Entries shown Start Marker

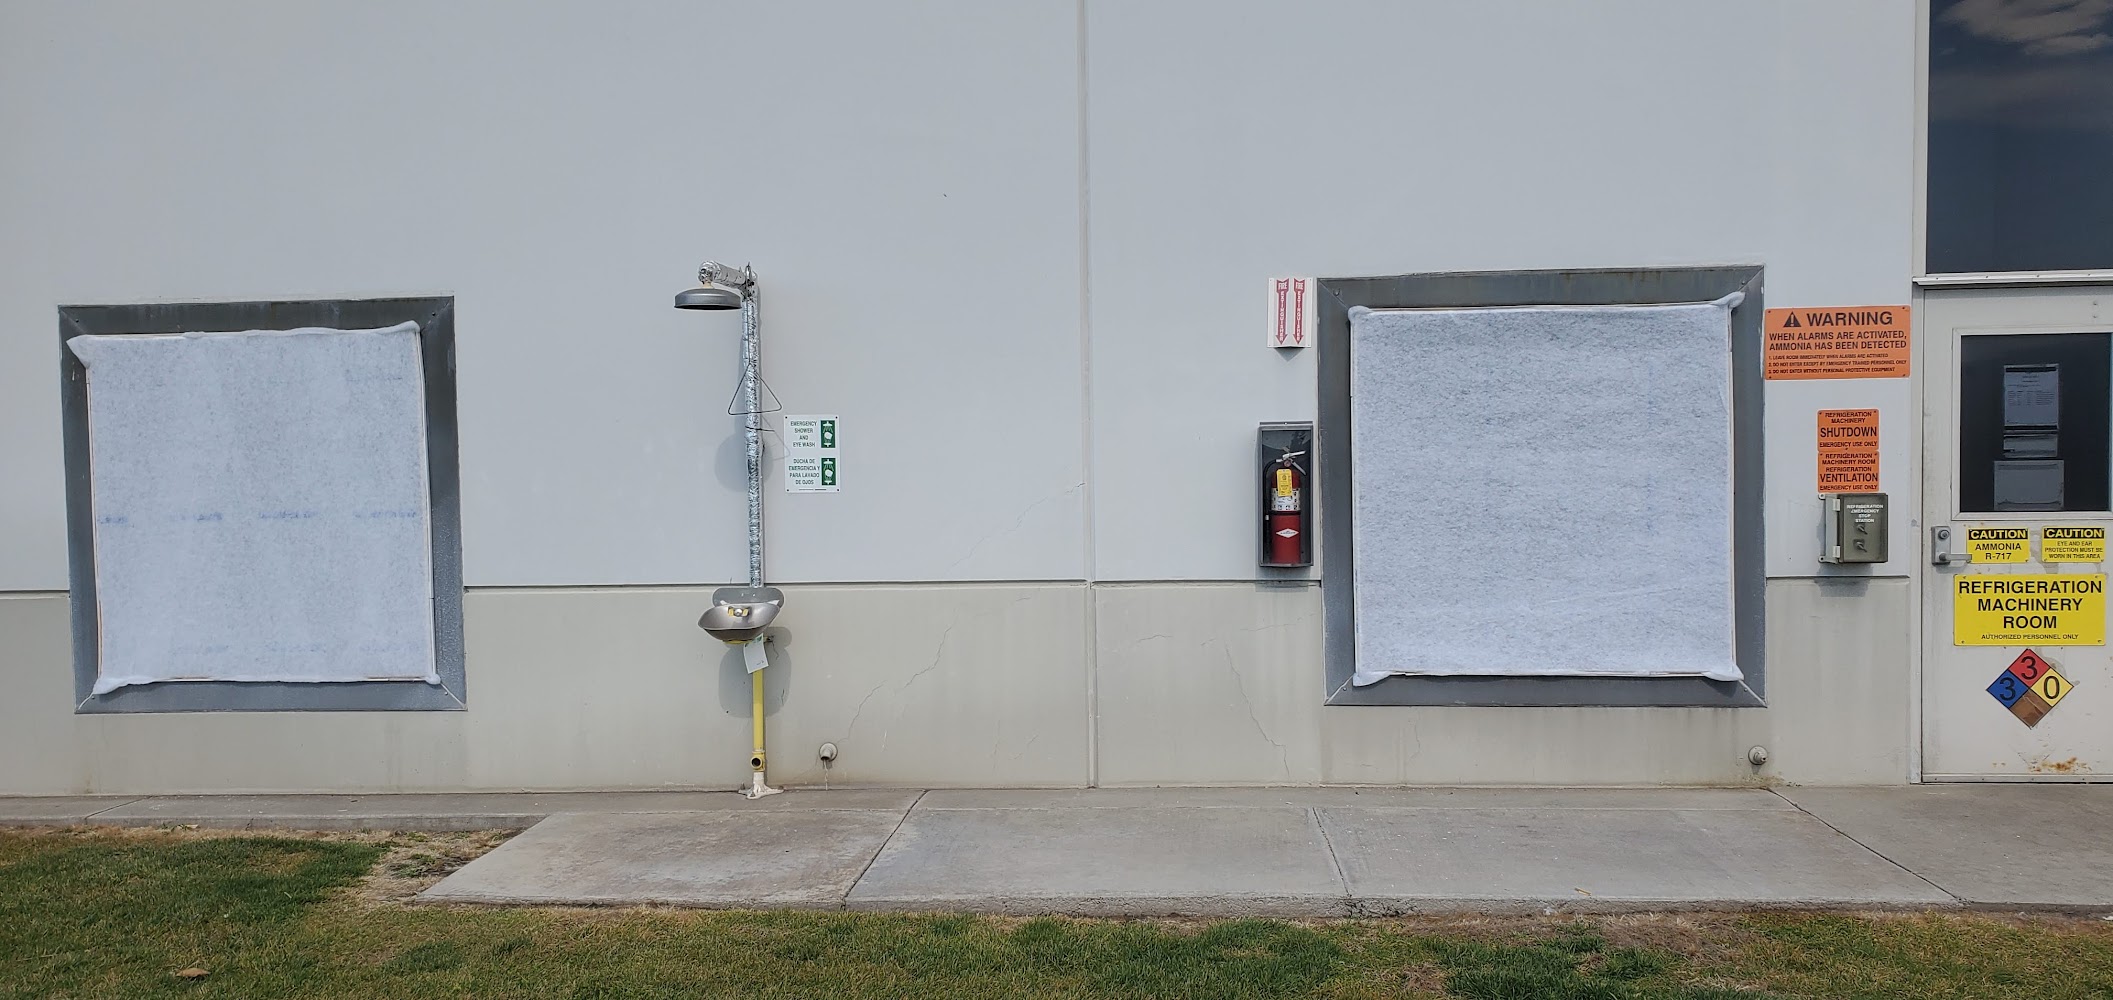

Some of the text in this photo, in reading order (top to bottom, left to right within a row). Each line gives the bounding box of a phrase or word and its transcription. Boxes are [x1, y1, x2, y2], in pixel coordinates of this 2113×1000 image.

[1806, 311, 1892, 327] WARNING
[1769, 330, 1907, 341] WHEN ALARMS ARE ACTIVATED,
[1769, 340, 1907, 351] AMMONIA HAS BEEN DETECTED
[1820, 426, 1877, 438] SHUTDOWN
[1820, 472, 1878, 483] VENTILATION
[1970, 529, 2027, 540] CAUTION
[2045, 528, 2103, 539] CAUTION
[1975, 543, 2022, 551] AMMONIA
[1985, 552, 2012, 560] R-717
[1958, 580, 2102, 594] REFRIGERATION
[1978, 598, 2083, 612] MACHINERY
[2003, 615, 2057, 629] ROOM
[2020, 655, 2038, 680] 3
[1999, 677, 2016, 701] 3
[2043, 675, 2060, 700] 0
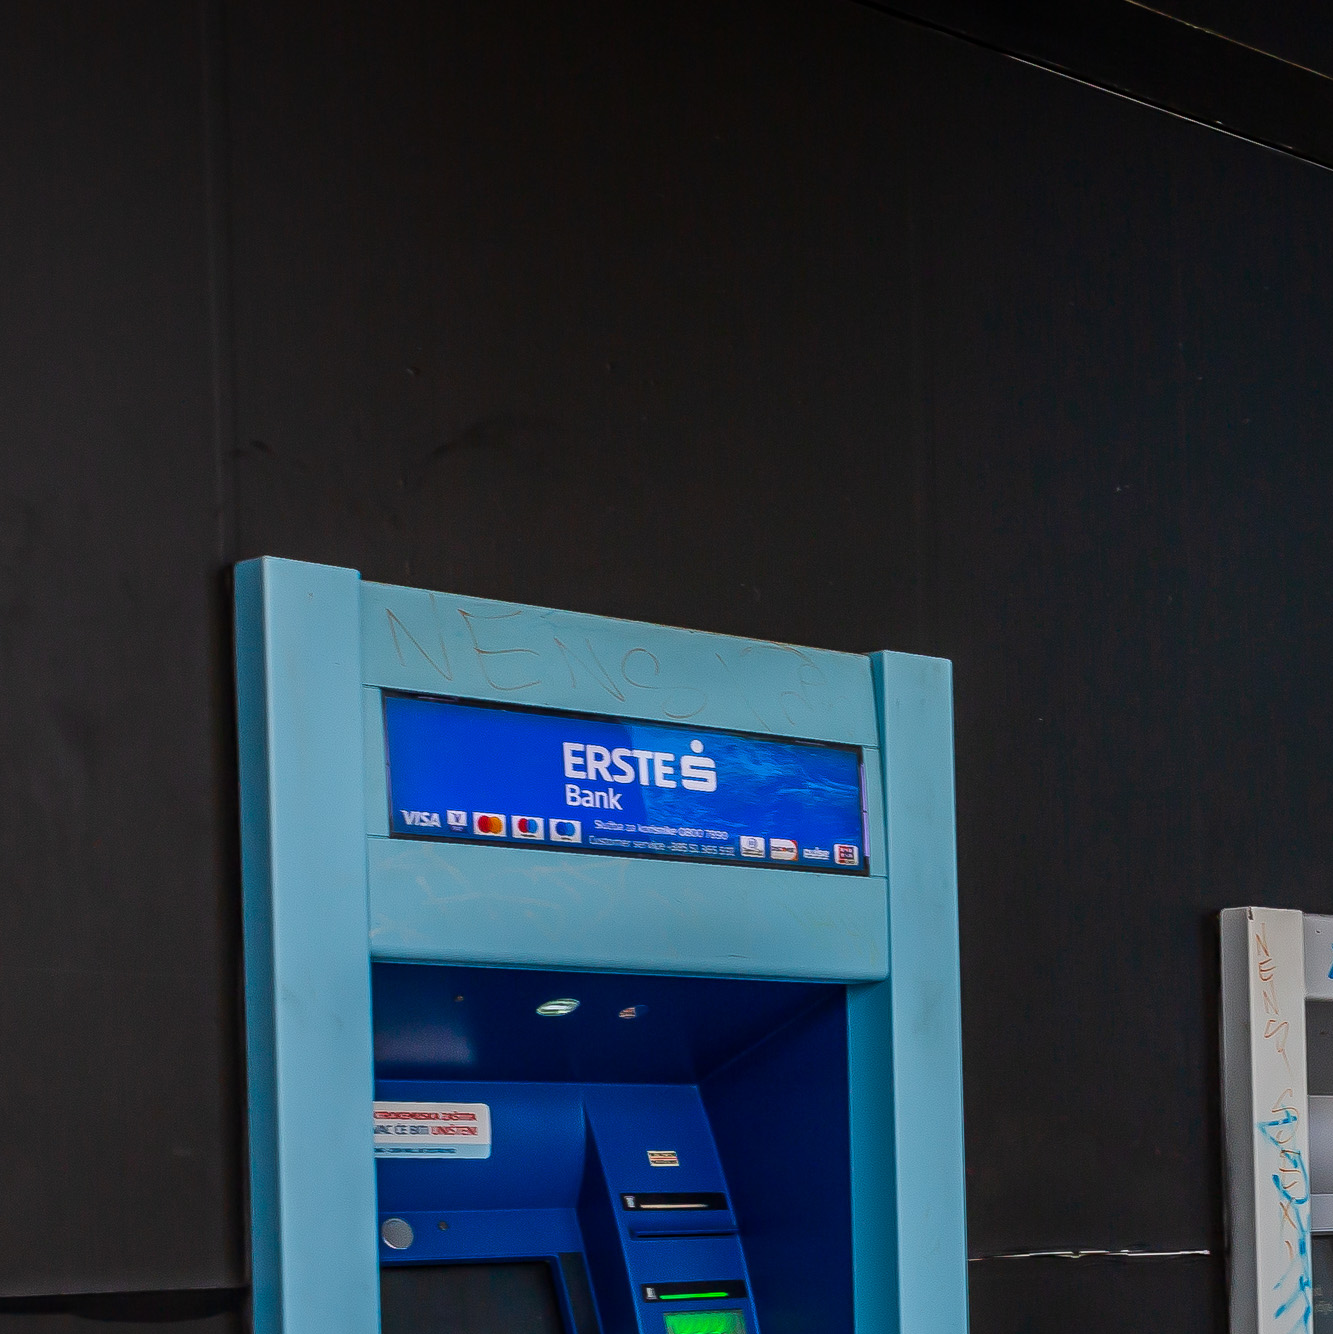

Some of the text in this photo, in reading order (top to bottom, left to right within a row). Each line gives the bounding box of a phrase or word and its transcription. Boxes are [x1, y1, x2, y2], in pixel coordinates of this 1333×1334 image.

Entries shown End Marker

Exercise: Pictures are to be left out; the listing above is otherwise to be copied exactly.

Solution to this exercise:
Some of the text in this photo, in reading order (top to bottom, left to right within a row). Each line gives the bounding box of a phrase or word and its transcription. Boxes are [x1, y1, x2, y2], in pixel coordinates of this 2113×1000 image.

[1806, 311, 1892, 327] WARNING
[1769, 330, 1907, 341] WHEN ALARMS ARE ACTIVATED,
[1769, 340, 1907, 351] AMMONIA HAS BEEN DETECTED
[1820, 426, 1877, 438] SHUTDOWN
[1820, 472, 1878, 483] VENTILATION
[1970, 529, 2027, 540] CAUTION
[2045, 528, 2103, 539] CAUTION
[1975, 543, 2022, 551] AMMONIA
[1985, 552, 2012, 560] R-717
[1958, 580, 2102, 594] REFRIGERATION
[1978, 598, 2083, 612] MACHINERY
[2003, 615, 2057, 629] ROOM
[2020, 655, 2038, 680] 3
[1999, 677, 2016, 701] 3
[2043, 675, 2060, 700] 0

Some of the text in this photo, in reading order (top to bottom, left to right within a row). Each line gives the bounding box of a phrase or word and its transcription. Boxes are [x1, y1, x2, y2], in pixel coordinates of this 1333×1334 image.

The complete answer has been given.